Morbidity and Mortality Outcomes of Cytoreductive Surgery and Hyperthermic Intraperitoneal Chemotherapy at a Single Institution in Japan

1Department of Surgery, Kusatsu General Hospital, Yabase Kusatsu 1660, Japan
2General Surgery Clinic, Kocaeli Derince Education and Research Hospital, Kocaeli, Turkey
3NPO Organization to Support Peritoneal Dissemination Treatment, Osaka, Japan

Received 2 March 2012; Revised 24 April 2012; Accepted 3 May 2012

Academic Editor: Yan Li

Copyright © 2012 Akiyoshi Mizumoto et al. This is an open access article distributed under the Creative Commons Attribution License, which permits unrestricted use, distribution, and reproduction in any medium, provided the original work is properly cited.

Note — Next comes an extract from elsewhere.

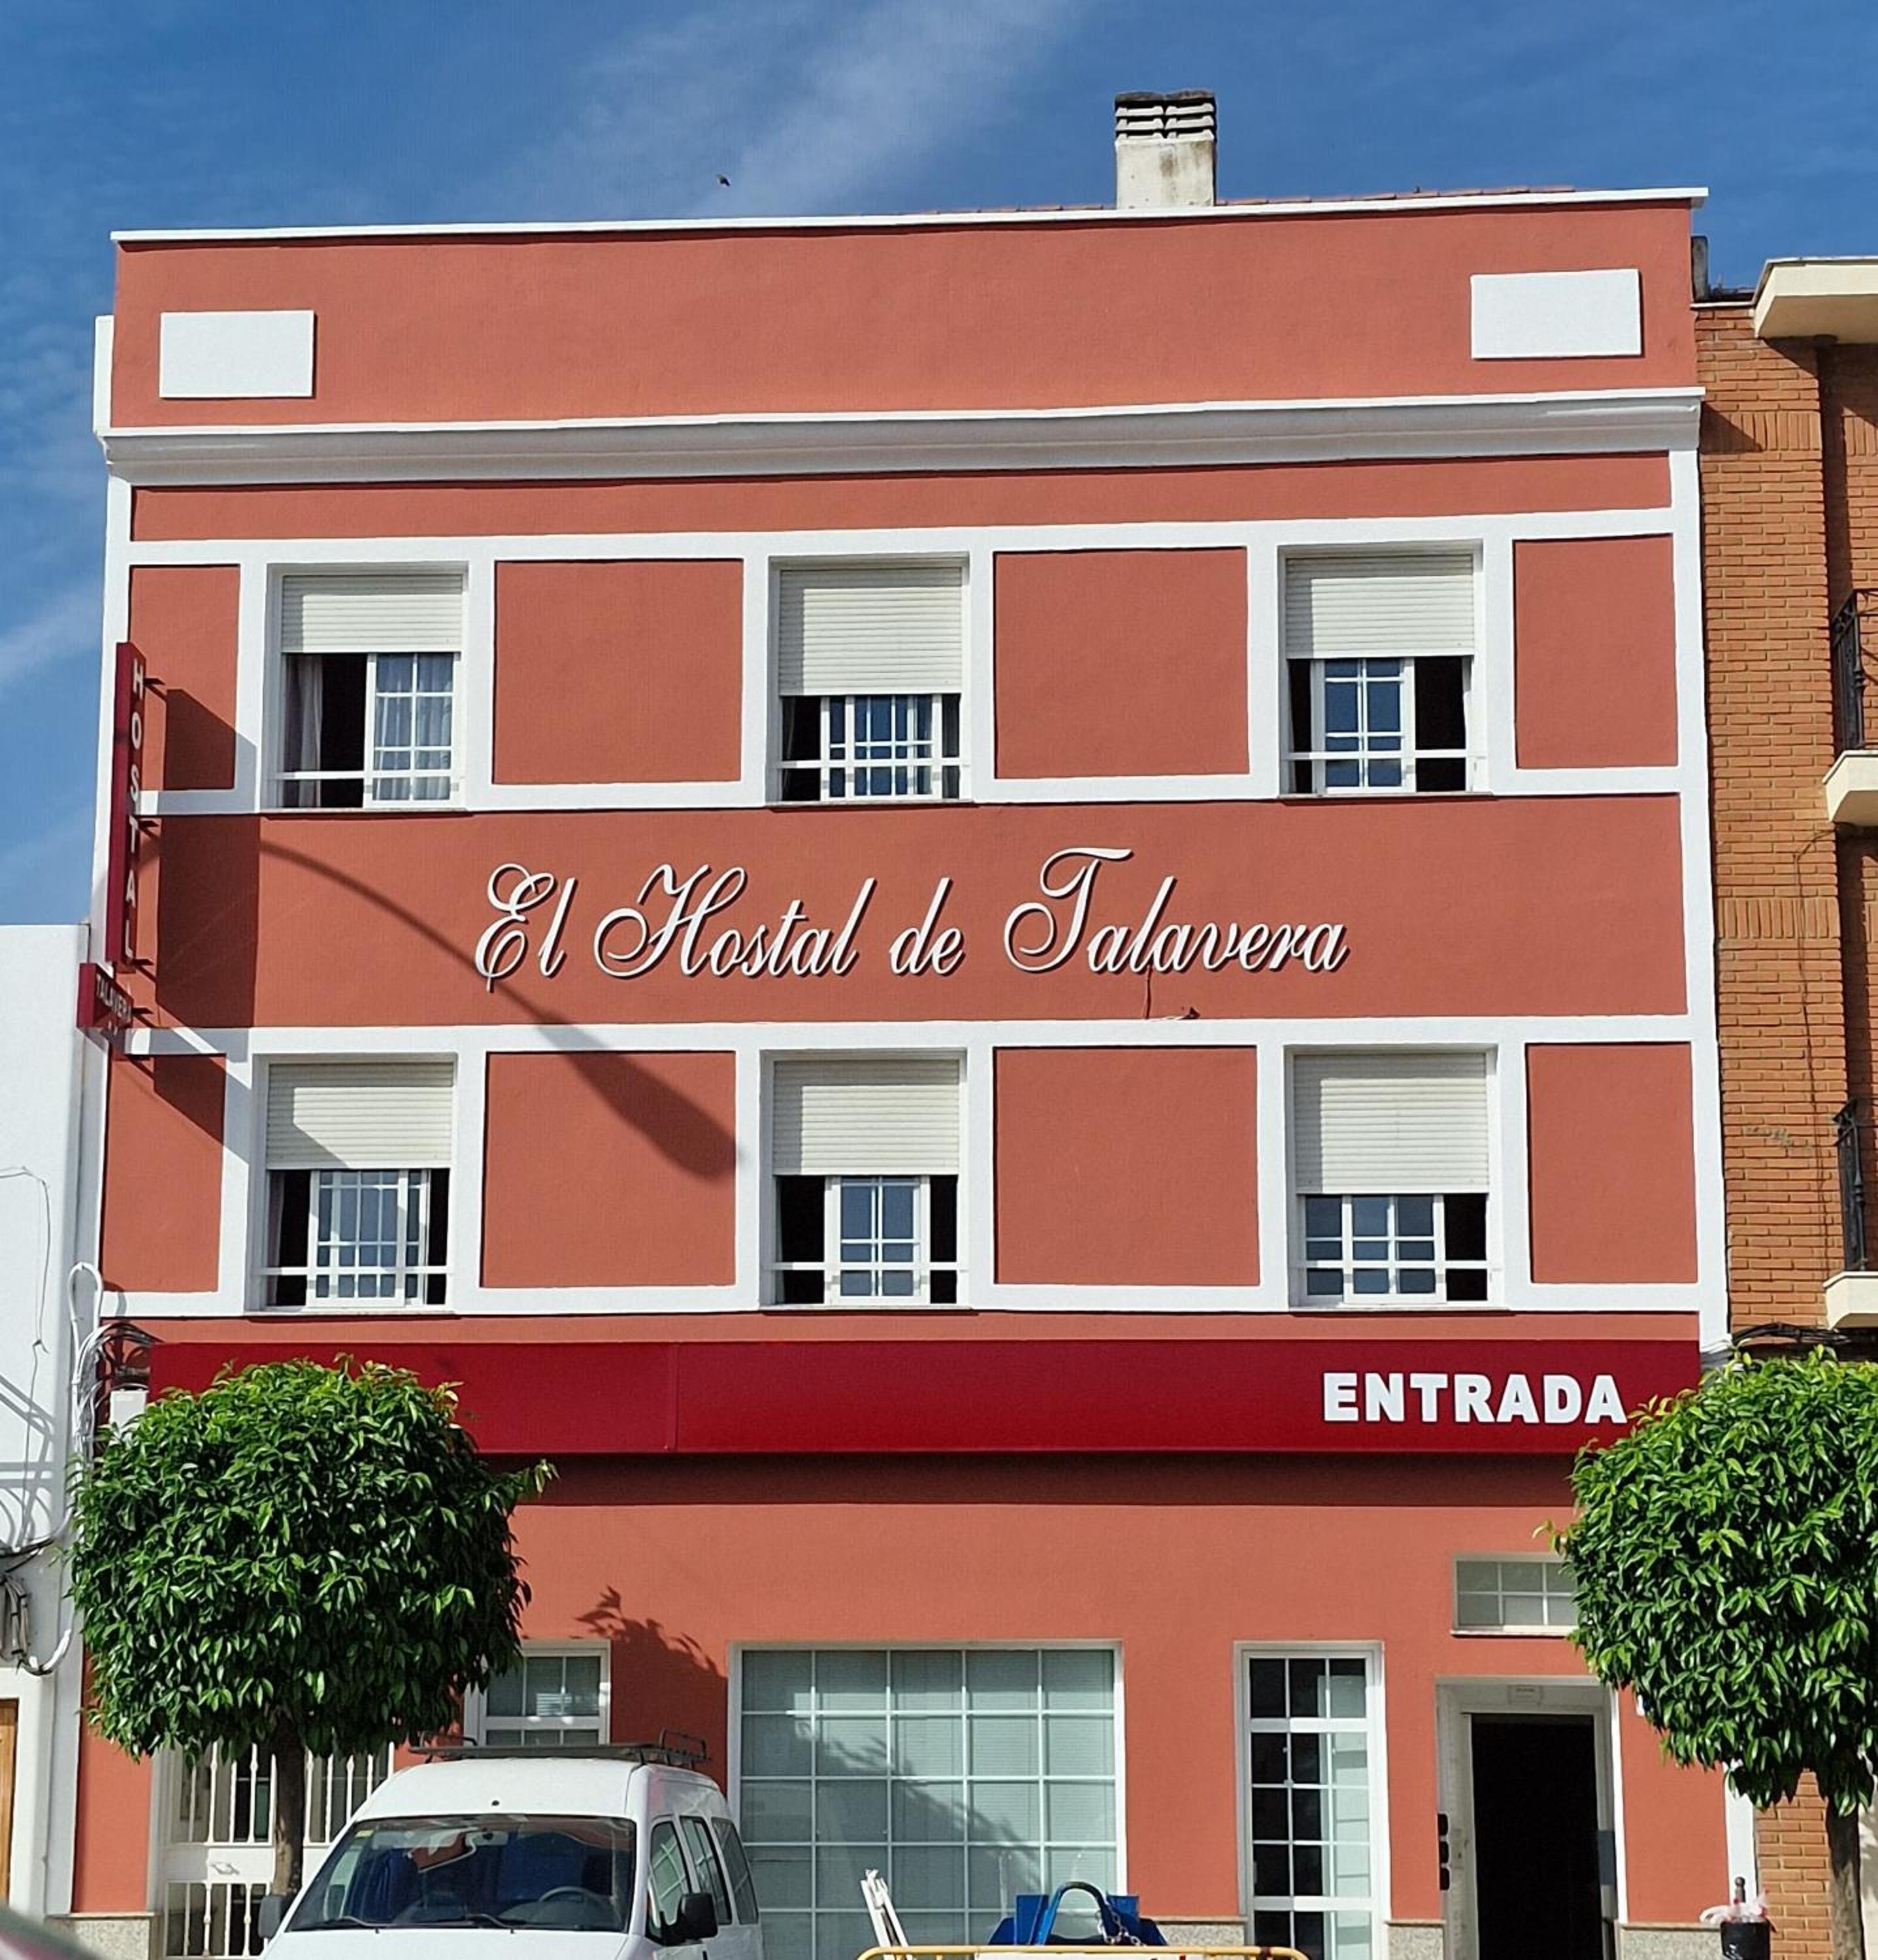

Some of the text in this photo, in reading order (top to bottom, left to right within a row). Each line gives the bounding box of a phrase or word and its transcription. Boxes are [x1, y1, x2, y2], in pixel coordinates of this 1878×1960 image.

[125, 659, 143, 959] HOSTAL
[474, 847, 1349, 992] El Hostal de Talavera
[1323, 1373, 1628, 1424] ENTRADA

Background. Even though cytoreductive surgery (CRS) and hyperthermic intraperitoneal chemotherapy (HIPEC) are associated with a high morbidity and mortality rates, it has been reported that CRS and HIPEC improved survival of selected patients with peritoneal carcinomatosis. We aimed to report morbidity and mortality results of CRS and HIPEC from a single institution in Japan. Methods and Results. Total of 284 procedures of CRS were performed on patients with pseudomyxoma peritonei, peritoneal carcinomatosis (PC) from colon cancer and gastric cancer between 2007 and 2011 in our institution. The morbidity rate was 49% of all procedure, and grades I/II and grades III/IV complications were 28% and 17%, respectively. Most frequent complication was surgical site infections including intraabdominal abscess. The mortality rate was 3.5%, and reoperation was needed in 11% of all procedures. Univariate and multivariate analysis showed peritoneal carcinomatosis index (PCI) greater than 20 was the only significant factor for occurrence of postoperative complications ( 𝑃 < 0 . 0 1 ). In contrast, HIPEC significantly reduced postoperative complications ( 𝑃 < 0 . 0 5 ). Conclusions. The morbidity and mortality rates of our institution are comparable with previous reports that are in acceptable rates. Optimal patient selection such as patients with PCI less than 20 seems to be of paramount importance to CRS and HIPEC.